Working in Southeast Asia for a European company comes with plenty of cross-border bumps and quirks. Time zones and public holidays are the most obvious mismatch. But it’s email that causes the real headache. Each story that we write at Monocle is thoroughly fact-checked, so that means asking Thais or Indonesian interviewees for email addresses that they rarely use and nudging them to check their inboxes for an email from a colleague in a European timezone. Instant-messenger apps are the default communication tool for offices in these parts and Line is the dominant one in Thailand.
Living in Bangkok, I jump between Line and Gmail and sometimes get tangled up in the middle, missing emails deemed urgent in one timezone and sending emails deemed unnecessary in the other. I arrived at a meeting in the Thai capital recently to find that the email I had sent from the taxi to excuse my traffic-related tardiness had become a point of discussion around the water cooler. “He sent an email to explain that he was going to be five minutes late? How sweet.” Embarrassment aside, it was a useful reminder of Southeast Asian norms and expectations. Pretty much everyone is late for meetings in Bangkok, so only serious delays warrant a message – and email is reserved for emergency cancellations.

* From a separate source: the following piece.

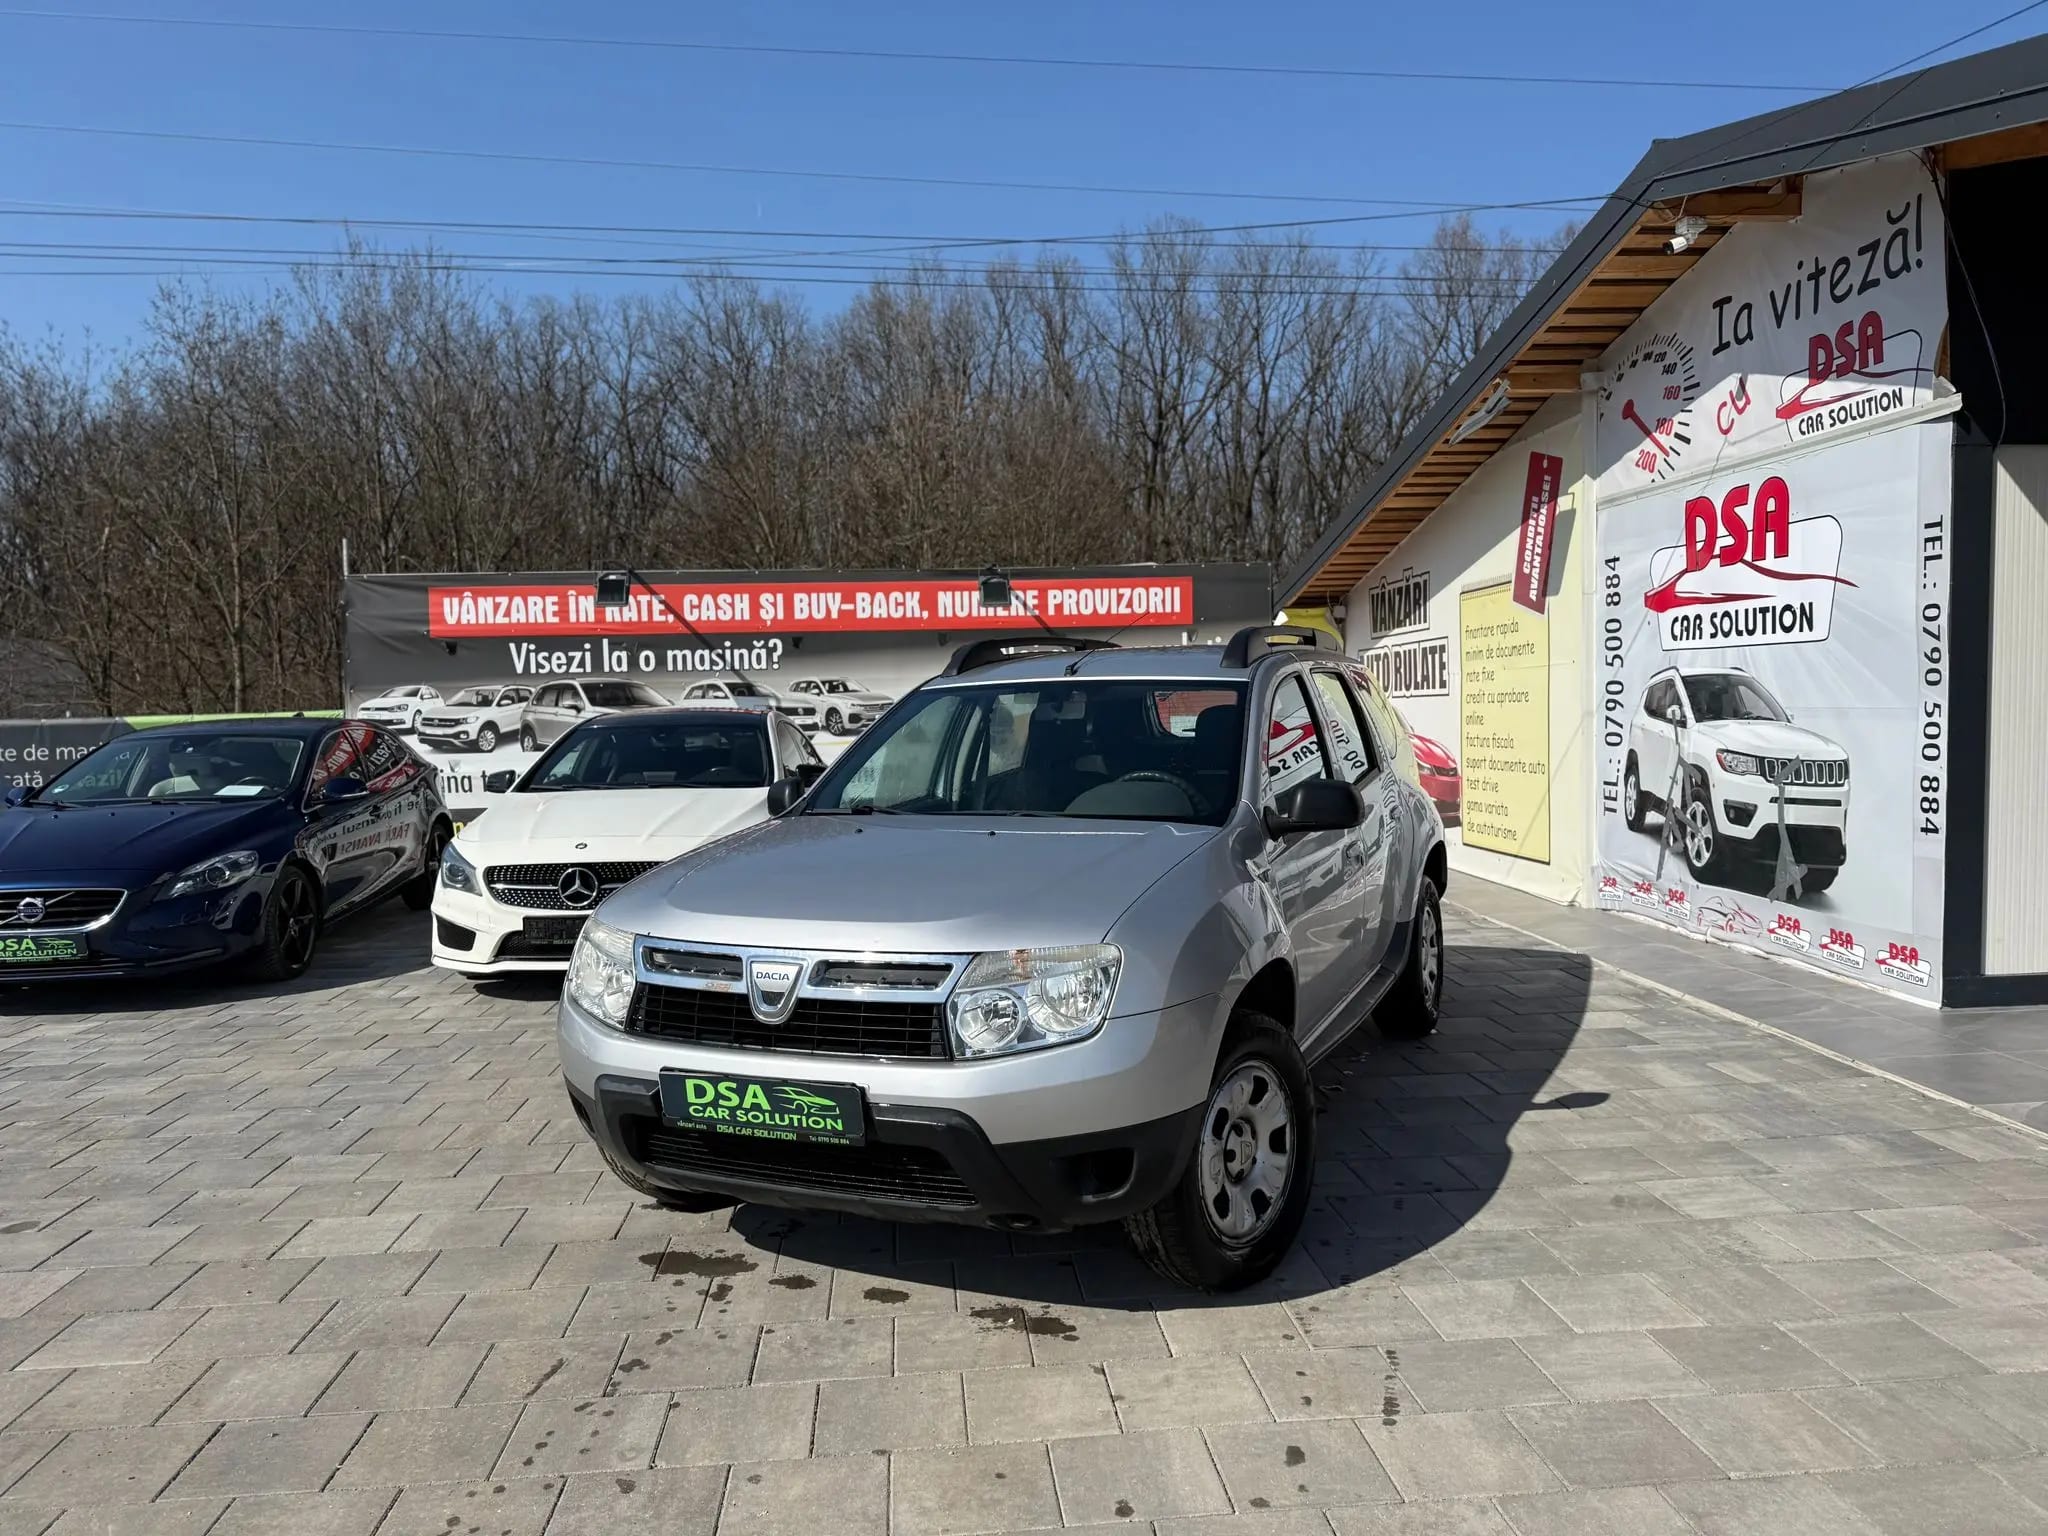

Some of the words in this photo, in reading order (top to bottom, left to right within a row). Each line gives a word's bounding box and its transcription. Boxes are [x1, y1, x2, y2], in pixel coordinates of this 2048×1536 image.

Translating these communication preferences was part of my country briefing for several of my London colleagues when they arrived in August to report our next travel book. “Do we need malaria shots? What about Hep A?” they asked. “No but you do need to download Line to set up appointments; use Grab to get around; and keep plenty of baht in your pocket because you won’t be able to scan any QR codes with your Apple wallet,” I said. Ahead of their arrival, I started receiving Line messages from Thais attaching screenshots of emails from my colleagues and asking how they should reply. “Please reply to their email,” might have been the obvious answer but I knew what they meant.

Over here, email feels clunky and corporate and more for formal, letter-type correspondence: the modern equivalent of a dusty PO box that gets checked and cleared into the dustbin every now and again. Line suits this part of the world, where communication is personal, relationship-based and consensus-driven. Think cute stickers and kind words rather than icy, transactional exchanges that could be written by a bot. The requirement to know who you are communicating with on Line means that the system is more trust-based and less prone to hackers.

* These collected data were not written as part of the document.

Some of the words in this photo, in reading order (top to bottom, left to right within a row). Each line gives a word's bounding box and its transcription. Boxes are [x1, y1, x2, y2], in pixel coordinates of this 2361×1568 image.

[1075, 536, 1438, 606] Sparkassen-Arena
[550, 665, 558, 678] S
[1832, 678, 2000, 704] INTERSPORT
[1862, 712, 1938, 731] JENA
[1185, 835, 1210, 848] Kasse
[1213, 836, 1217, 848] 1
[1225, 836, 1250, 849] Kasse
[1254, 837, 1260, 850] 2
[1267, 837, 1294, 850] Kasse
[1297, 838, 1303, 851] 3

There are drawbacks, of course. Line IDs are often nicknames or a random assortment of emojis so finding old contacts can demand either a sharp memory or a lot of scrolling (an esteemed academic who I talk to about Thai politics goes by a squiggly tilde grapheme and a glasses-face emoji). There is no archive to speak of either – cue the horrified groans of HR and legal departments in London and Paris. But sidelining emails does not have to bring about an end to the rules-based order. Changing status “On holiday” works just like a regular out-of-office email and formal things are done in person with a paper record.
The world might feel smaller and more uniform thanks to automation but cultural quirks in communication persist. It’s part of what makes travelling and working abroad so rewarding and these preferences vary even between English-speaking countries. My favourite puzzle that remains unsolved? Why Aussies don’t use WhatsApp. I only found that out when we ran a Monocle event in Sydney last year. Message me if you know the answer.